----- RECORDS PROVIDED

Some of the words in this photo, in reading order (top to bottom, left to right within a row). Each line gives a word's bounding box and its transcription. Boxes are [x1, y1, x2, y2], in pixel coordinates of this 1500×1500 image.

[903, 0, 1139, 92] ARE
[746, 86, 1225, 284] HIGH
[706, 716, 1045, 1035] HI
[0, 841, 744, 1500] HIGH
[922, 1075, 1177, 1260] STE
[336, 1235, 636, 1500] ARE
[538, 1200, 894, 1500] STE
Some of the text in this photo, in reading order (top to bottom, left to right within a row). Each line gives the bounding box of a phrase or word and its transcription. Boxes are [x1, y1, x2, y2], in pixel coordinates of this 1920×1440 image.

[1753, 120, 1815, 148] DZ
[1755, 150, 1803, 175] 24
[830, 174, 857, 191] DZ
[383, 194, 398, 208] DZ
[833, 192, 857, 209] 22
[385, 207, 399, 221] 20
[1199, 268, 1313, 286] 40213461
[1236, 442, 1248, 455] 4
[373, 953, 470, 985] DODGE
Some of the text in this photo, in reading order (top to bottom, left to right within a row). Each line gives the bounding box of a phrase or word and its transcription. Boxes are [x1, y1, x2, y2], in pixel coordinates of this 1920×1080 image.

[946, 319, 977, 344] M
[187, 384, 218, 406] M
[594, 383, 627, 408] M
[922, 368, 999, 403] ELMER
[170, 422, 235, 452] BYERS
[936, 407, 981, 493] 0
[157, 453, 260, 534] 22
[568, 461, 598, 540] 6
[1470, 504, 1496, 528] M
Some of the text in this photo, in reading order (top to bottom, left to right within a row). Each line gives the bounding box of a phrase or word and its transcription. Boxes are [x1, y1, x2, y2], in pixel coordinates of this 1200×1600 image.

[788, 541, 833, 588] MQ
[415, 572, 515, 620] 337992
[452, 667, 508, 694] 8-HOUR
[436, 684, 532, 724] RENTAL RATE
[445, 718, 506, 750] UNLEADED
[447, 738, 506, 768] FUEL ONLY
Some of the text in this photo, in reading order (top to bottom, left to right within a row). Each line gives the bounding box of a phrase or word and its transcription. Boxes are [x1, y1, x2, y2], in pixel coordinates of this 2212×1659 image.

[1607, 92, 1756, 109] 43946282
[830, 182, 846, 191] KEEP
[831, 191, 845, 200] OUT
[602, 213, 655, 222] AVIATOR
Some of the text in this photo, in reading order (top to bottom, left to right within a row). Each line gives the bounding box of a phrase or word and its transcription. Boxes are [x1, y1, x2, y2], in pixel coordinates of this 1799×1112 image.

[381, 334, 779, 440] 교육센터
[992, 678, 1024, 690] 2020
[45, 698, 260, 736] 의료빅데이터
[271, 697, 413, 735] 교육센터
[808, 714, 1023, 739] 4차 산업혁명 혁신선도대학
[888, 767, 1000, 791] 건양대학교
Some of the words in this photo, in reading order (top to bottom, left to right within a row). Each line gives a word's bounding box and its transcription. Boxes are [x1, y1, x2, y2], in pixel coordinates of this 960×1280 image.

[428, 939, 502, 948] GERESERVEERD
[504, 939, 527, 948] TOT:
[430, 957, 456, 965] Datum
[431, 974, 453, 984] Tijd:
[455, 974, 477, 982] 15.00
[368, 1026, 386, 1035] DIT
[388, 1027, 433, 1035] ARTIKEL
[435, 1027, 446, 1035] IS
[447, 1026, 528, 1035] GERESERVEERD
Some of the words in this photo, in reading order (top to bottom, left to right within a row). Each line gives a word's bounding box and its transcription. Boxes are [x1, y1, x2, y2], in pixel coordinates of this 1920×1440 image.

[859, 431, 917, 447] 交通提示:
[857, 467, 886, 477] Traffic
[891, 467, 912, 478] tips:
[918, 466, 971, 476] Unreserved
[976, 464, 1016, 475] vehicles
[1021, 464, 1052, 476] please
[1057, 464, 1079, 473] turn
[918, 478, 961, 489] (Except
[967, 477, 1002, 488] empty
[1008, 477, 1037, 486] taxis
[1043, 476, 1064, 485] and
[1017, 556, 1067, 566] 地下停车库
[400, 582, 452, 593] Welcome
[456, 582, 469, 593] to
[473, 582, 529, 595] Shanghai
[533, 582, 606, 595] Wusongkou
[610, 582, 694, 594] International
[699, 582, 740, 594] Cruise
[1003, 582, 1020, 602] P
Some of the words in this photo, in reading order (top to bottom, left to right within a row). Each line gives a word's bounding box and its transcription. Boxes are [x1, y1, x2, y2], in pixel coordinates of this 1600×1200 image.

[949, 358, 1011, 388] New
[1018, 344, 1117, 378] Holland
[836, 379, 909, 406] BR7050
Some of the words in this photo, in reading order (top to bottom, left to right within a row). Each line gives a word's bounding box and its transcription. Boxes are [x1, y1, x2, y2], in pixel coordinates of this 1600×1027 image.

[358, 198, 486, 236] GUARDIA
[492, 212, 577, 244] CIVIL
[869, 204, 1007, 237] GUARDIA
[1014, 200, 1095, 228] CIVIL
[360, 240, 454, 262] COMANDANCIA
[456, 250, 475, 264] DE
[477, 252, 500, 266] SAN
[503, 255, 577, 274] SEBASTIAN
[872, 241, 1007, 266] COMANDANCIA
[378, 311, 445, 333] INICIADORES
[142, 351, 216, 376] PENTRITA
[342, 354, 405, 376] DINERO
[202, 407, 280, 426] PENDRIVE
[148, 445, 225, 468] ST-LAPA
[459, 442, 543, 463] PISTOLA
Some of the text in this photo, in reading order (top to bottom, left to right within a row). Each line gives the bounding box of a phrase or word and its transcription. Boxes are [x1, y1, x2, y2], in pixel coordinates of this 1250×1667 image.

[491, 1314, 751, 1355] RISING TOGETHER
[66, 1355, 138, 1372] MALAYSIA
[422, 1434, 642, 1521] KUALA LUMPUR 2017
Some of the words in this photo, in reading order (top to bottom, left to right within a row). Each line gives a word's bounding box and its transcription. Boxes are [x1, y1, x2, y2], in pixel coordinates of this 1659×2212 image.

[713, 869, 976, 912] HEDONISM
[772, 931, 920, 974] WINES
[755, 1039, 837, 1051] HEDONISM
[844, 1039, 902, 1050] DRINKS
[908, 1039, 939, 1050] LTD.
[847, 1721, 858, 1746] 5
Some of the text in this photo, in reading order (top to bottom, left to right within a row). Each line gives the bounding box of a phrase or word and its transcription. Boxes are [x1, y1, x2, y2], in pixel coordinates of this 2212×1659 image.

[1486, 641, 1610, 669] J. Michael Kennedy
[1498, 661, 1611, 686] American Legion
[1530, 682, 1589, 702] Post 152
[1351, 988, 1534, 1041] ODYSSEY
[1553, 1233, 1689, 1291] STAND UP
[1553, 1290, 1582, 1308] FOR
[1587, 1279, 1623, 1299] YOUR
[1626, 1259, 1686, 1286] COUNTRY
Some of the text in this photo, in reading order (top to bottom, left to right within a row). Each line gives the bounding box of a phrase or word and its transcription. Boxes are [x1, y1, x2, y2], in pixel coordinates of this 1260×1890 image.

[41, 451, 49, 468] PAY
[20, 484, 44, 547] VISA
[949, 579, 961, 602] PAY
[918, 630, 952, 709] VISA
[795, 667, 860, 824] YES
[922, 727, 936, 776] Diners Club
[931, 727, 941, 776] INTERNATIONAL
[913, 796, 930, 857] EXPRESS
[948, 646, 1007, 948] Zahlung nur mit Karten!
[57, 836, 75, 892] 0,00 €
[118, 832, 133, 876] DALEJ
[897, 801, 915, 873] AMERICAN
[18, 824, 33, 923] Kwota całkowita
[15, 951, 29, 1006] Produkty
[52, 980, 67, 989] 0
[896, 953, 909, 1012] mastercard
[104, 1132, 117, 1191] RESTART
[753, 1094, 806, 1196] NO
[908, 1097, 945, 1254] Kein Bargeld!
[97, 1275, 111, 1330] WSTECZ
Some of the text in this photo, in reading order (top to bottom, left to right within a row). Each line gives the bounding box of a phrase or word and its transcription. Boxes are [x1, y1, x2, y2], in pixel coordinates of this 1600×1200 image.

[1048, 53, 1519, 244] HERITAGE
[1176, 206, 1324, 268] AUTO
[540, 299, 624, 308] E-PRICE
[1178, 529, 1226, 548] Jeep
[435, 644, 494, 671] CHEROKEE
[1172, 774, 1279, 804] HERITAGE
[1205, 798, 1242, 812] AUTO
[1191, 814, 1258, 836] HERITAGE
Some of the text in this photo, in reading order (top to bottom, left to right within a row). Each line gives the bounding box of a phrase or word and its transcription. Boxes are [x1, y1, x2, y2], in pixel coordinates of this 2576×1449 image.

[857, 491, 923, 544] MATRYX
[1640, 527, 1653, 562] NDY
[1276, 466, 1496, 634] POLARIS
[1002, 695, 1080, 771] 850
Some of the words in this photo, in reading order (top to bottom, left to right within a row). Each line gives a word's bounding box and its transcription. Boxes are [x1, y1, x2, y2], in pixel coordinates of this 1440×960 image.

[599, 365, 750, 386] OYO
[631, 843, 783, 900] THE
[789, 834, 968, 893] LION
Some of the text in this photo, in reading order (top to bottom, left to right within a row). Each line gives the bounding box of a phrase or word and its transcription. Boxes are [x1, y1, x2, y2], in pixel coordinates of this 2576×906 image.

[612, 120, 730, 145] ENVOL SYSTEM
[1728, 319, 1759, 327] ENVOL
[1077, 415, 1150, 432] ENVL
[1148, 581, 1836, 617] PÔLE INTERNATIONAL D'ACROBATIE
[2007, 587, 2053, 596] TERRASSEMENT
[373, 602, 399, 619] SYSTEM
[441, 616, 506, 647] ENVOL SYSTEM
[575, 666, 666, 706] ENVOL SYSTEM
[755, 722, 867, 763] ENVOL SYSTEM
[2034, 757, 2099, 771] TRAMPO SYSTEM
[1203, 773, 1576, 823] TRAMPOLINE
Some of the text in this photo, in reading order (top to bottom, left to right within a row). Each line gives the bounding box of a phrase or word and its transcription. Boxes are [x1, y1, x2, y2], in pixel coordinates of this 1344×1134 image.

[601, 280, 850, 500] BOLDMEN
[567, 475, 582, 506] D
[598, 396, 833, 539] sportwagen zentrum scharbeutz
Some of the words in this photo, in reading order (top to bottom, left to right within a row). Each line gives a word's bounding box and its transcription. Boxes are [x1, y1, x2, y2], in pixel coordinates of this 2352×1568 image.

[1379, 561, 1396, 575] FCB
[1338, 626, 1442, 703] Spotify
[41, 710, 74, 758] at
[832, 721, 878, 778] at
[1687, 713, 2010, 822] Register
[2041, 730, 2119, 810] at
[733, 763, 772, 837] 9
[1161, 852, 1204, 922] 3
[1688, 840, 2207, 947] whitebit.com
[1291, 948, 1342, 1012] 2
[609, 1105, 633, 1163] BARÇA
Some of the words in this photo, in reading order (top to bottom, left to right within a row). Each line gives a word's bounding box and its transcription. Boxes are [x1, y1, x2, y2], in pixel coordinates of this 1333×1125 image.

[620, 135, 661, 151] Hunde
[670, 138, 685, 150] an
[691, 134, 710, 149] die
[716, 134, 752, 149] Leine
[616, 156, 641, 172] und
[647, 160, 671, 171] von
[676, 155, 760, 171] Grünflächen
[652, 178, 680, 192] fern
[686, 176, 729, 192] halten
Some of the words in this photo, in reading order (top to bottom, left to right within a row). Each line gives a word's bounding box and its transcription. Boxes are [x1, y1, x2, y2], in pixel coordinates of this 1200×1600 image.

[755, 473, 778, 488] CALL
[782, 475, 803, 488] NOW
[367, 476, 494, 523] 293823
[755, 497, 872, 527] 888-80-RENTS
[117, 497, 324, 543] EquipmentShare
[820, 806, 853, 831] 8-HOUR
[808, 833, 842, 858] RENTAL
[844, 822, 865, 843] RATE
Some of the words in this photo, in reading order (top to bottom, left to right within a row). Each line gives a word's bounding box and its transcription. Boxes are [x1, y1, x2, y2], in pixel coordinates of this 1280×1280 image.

----------

Each line from the one containing "this 2352×1568 image." to the end of the entries above should be copied exactly, and no other line.

ANSWER BOX
Some of the words in this photo, in reading order (top to bottom, left to right within a row). Each line gives a word's bounding box and its transcription. Boxes are [x1, y1, x2, y2], in pixel coordinates of this 2352×1568 image.

[1379, 561, 1396, 575] FCB
[1338, 626, 1442, 703] Spotify
[41, 710, 74, 758] at
[832, 721, 878, 778] at
[1687, 713, 2010, 822] Register
[2041, 730, 2119, 810] at
[733, 763, 772, 837] 9
[1161, 852, 1204, 922] 3
[1688, 840, 2207, 947] whitebit.com
[1291, 948, 1342, 1012] 2
[609, 1105, 633, 1163] BARÇA
Some of the words in this photo, in reading order (top to bottom, left to right within a row). Each line gives a word's bounding box and its transcription. Boxes are [x1, y1, x2, y2], in pixel coordinates of this 1333×1125 image.

[620, 135, 661, 151] Hunde
[670, 138, 685, 150] an
[691, 134, 710, 149] die
[716, 134, 752, 149] Leine
[616, 156, 641, 172] und
[647, 160, 671, 171] von
[676, 155, 760, 171] Grünflächen
[652, 178, 680, 192] fern
[686, 176, 729, 192] halten
Some of the words in this photo, in reading order (top to bottom, left to right within a row). Each line gives a word's bounding box and its transcription. Boxes are [x1, y1, x2, y2], in pixel coordinates of this 1200×1600 image.

[755, 473, 778, 488] CALL
[782, 475, 803, 488] NOW
[367, 476, 494, 523] 293823
[755, 497, 872, 527] 888-80-RENTS
[117, 497, 324, 543] EquipmentShare
[820, 806, 853, 831] 8-HOUR
[808, 833, 842, 858] RENTAL
[844, 822, 865, 843] RATE
Some of the words in this photo, in reading order (top to bottom, left to right within a row). Each line gives a word's bounding box and its transcription. Boxes are [x1, y1, x2, y2], in pixel coordinates of this 1280×1280 image.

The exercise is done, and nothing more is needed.